En ocasiones tomamos como referencia aquello que otros escribieron en su día, contaron alguna anécdota o desvelaron alguna vivencia, que a pesar del tiempo transcurrido no deja de ser botón de muestra que encaja en el ojal de nuestro día a día. Es curioso comprobar lo poco que han cambiado algunas cosas y los comportamientos de algunos personajes. Y la política no es ajena a todo ello.

En mis años de aficionado taurino, desvinculado actualmente desde hace más de una década (tengo razones para ello suficientemente fundamentadas), escuché de boca de profesionales del toro historias de todo tipo.

Una de ellas es la que se refiere a Juan Belmonte, matador de toros, que estando ya retirado fue invitado a un festival taurino en Huelva. El caso es que allí se encontraba el Gobernador Civil, Joaquín Miranda, quien fuera antaño banderillero del Pasmo de Triana. El acompañante del torero, preguntó cómo puede ser Gobernador tan rápido habiendo sido banderillero, a lo que Belmonte, parco en palabras provisto además de una notable tartamudez, le contesta: “Sí, de…de…degenerando”.

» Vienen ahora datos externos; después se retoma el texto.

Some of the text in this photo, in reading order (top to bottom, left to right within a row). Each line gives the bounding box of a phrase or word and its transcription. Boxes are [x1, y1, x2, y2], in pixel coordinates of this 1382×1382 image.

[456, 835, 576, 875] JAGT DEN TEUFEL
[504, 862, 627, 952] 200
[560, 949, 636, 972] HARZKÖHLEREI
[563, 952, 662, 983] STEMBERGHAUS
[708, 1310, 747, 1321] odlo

Por entonces, años 40, formó parte de la “sabiduría popular” la crítica enfurecida contra los arribistas políticos por ascensos inmerecidos, sin méritos ni preparación suficientes, lo que dejaba en evidencia la decadencia de más de una institución.

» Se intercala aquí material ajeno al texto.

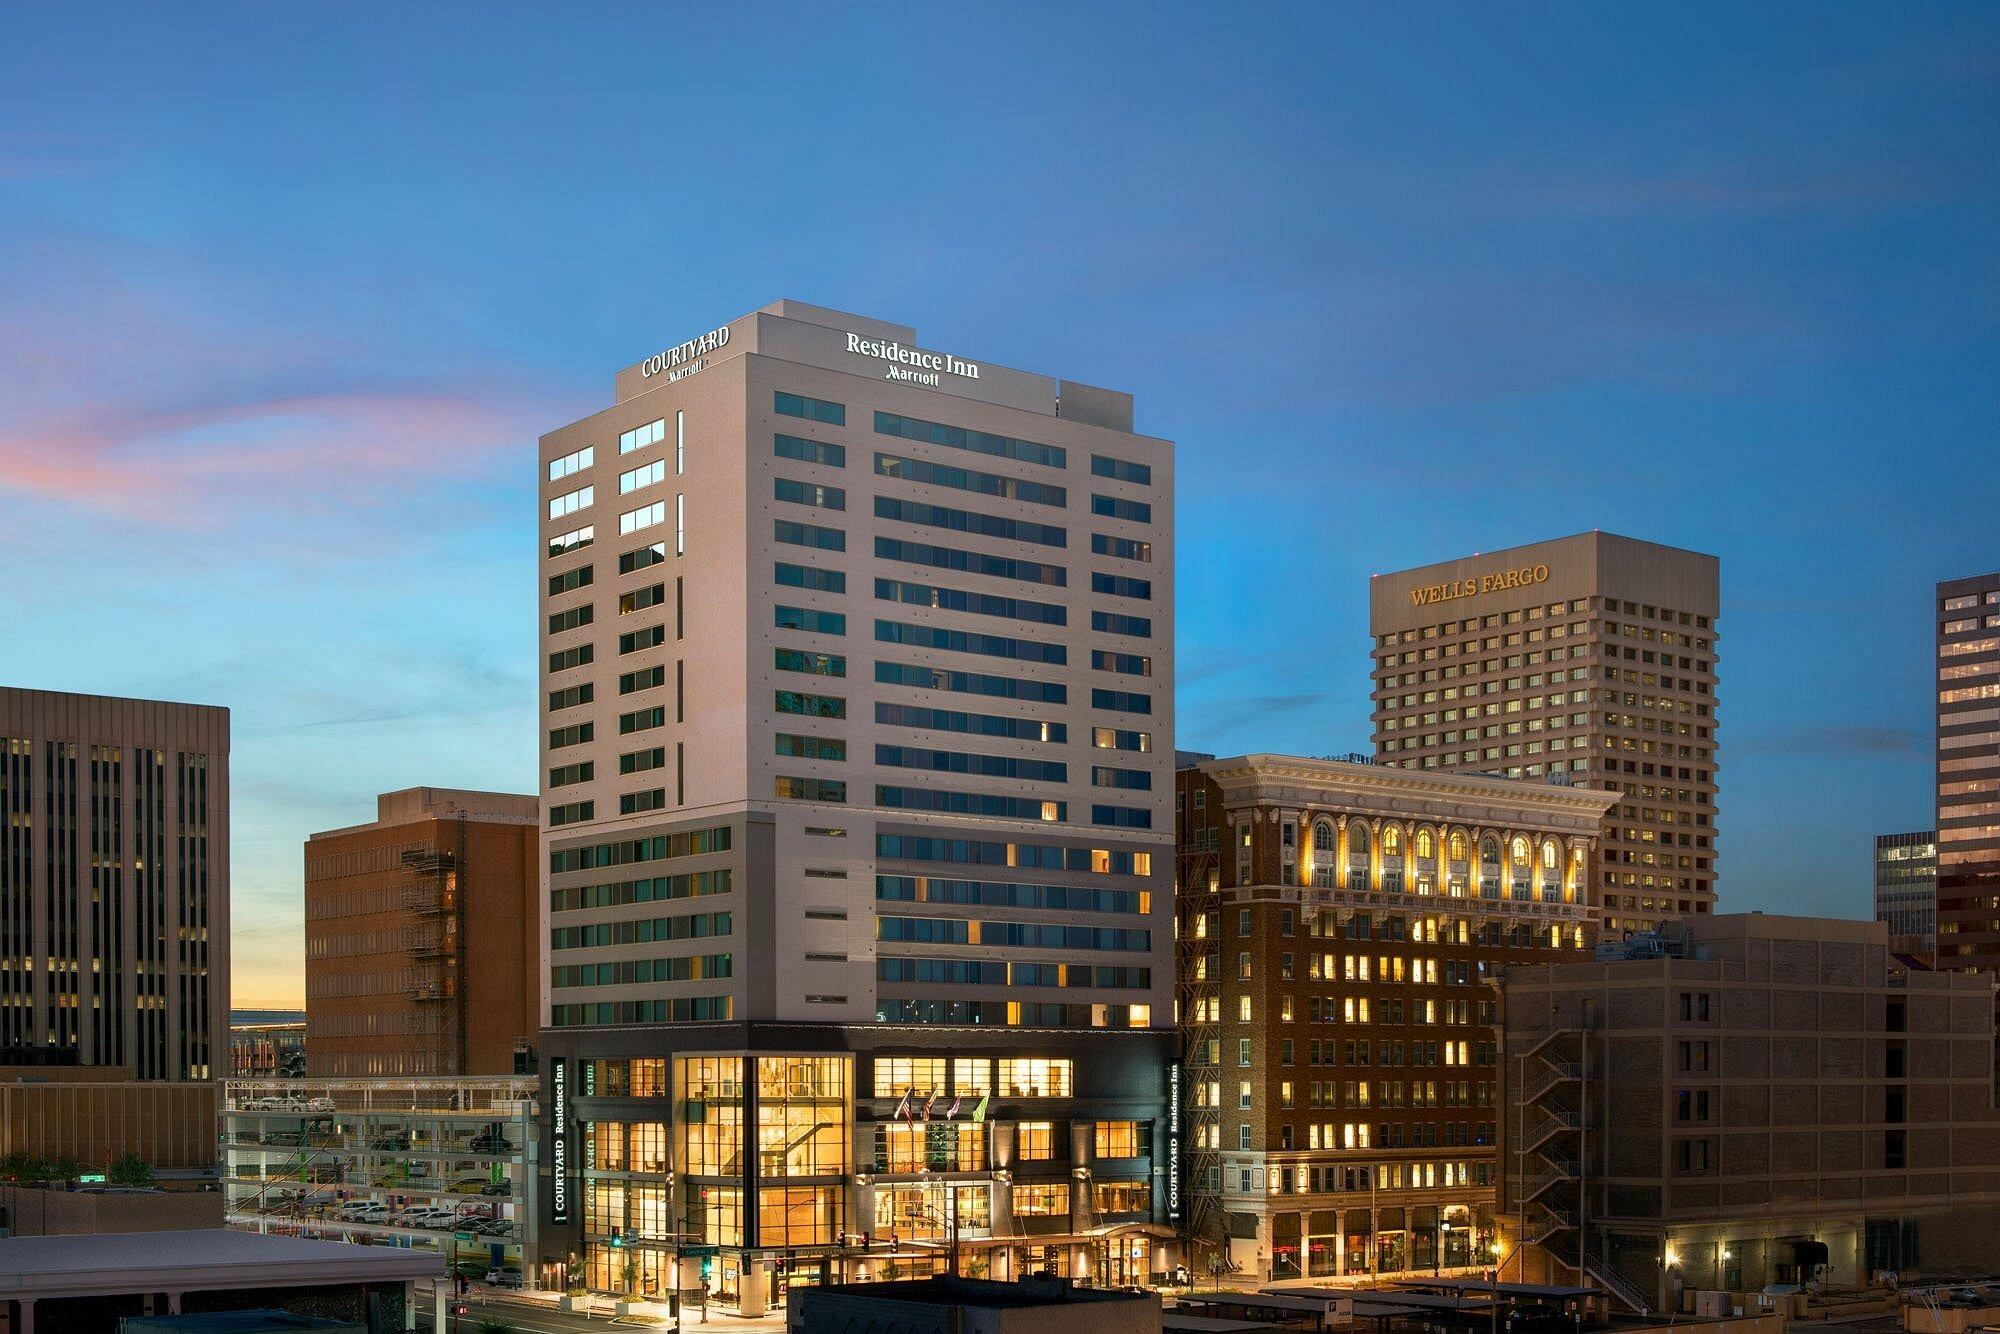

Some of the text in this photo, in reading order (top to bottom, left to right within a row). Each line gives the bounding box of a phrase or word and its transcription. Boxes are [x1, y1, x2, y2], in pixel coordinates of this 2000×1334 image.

Si nos trasladamos en el tiempo, siglos I, II, III y IV a.C. los filósofos clásicos tenían claro que la política era una actividad noble, pero al mismo tiempo muy frágil y propensa a la degeneración que podría desembarcar en un sistema tiránico, oligarca y anárquico. Defensores, en general, por mantener la honestidad y de paso, combatir la degradación moral de su entorno. La política se degenera cuando no se trabaja por el bien común, decían, cuando los cargos públicos lo asumen aquellos designados por ser leales, fieles al presidente /monarca o jefe de grupo político, habiendo demostrado incompetencia suprema, sin considerar méritos o capacidad, cuentan con su sometimiento y aplauso en momentos álgidos del protector y afianzamiento de lealtades.

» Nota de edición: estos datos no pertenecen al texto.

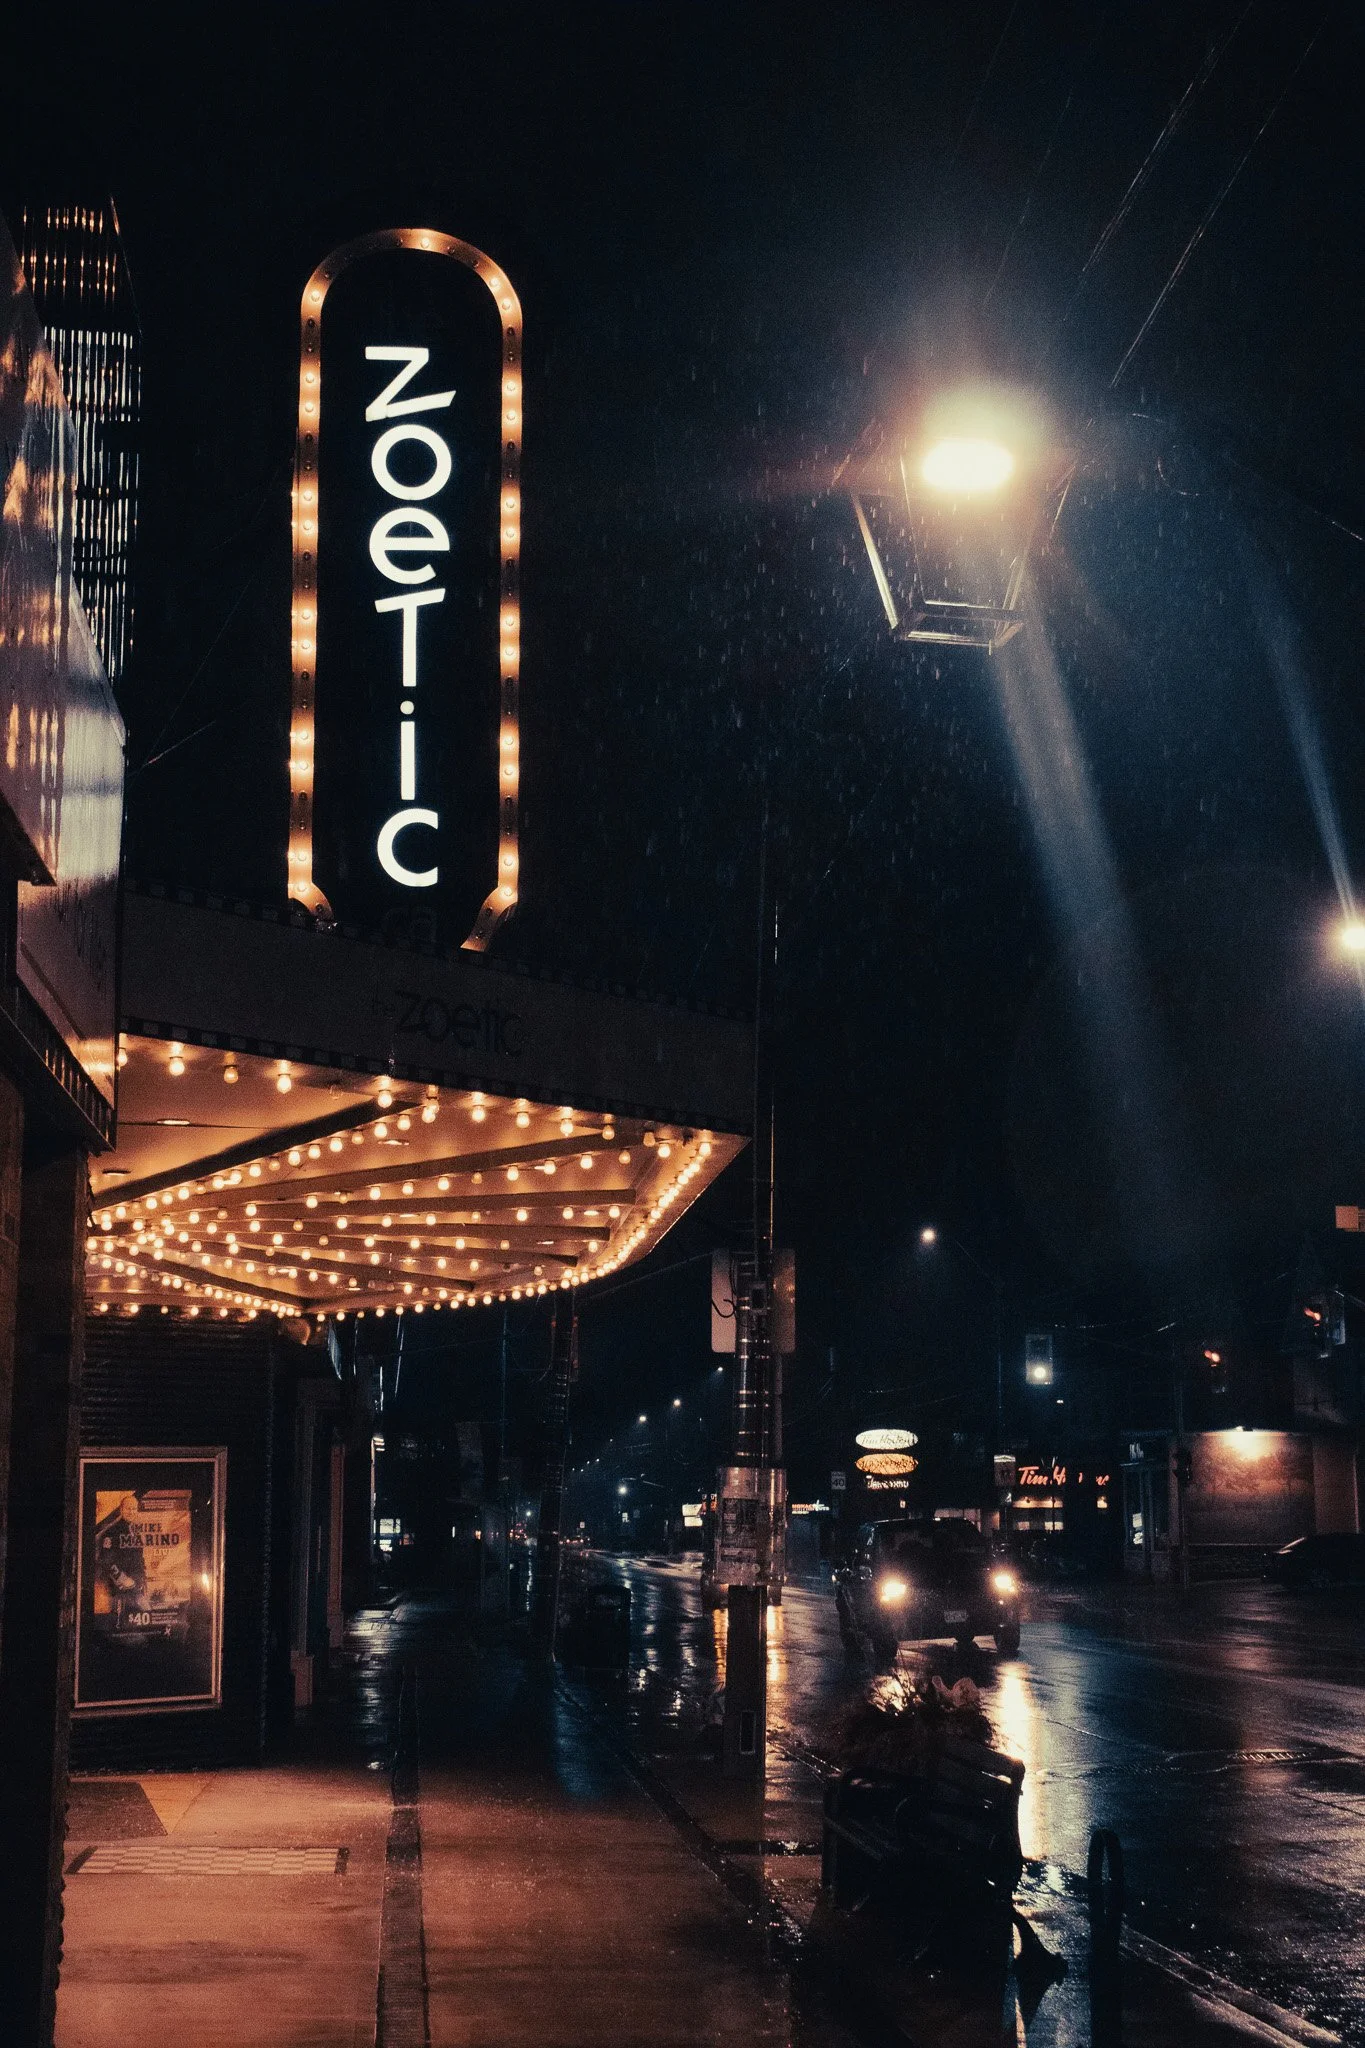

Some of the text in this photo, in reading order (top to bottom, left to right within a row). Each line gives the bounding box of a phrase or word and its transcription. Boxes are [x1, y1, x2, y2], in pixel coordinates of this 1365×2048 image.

Refugio para gente incompetente, algunos de ellos parecen haber sido cogidos a lazo en plena noche en mitad de la sierra. Ejemplos hay en el ámbito regional y nacional.

Añado yo, ¿y si la nómina de estos individuos la pagara de su bolsillo el responsable de la designación arbitraria? La firme realidad, como si de un manojo de verdades se tratara es que tiran con pólvora del rey, es decir, con los impuestos de los ciudadanos y eso no es cosa meritoria, sino mala gestión de fondos públicos.

“El dinero público no es de nadie”, decía la ex ministra Carmen Calvo. Señora, el dinero público es de todos, valga la corrección.

Siglo XXI. Degenerando, degenerando.

Félix Calle. Doctor en Economía y Empresa.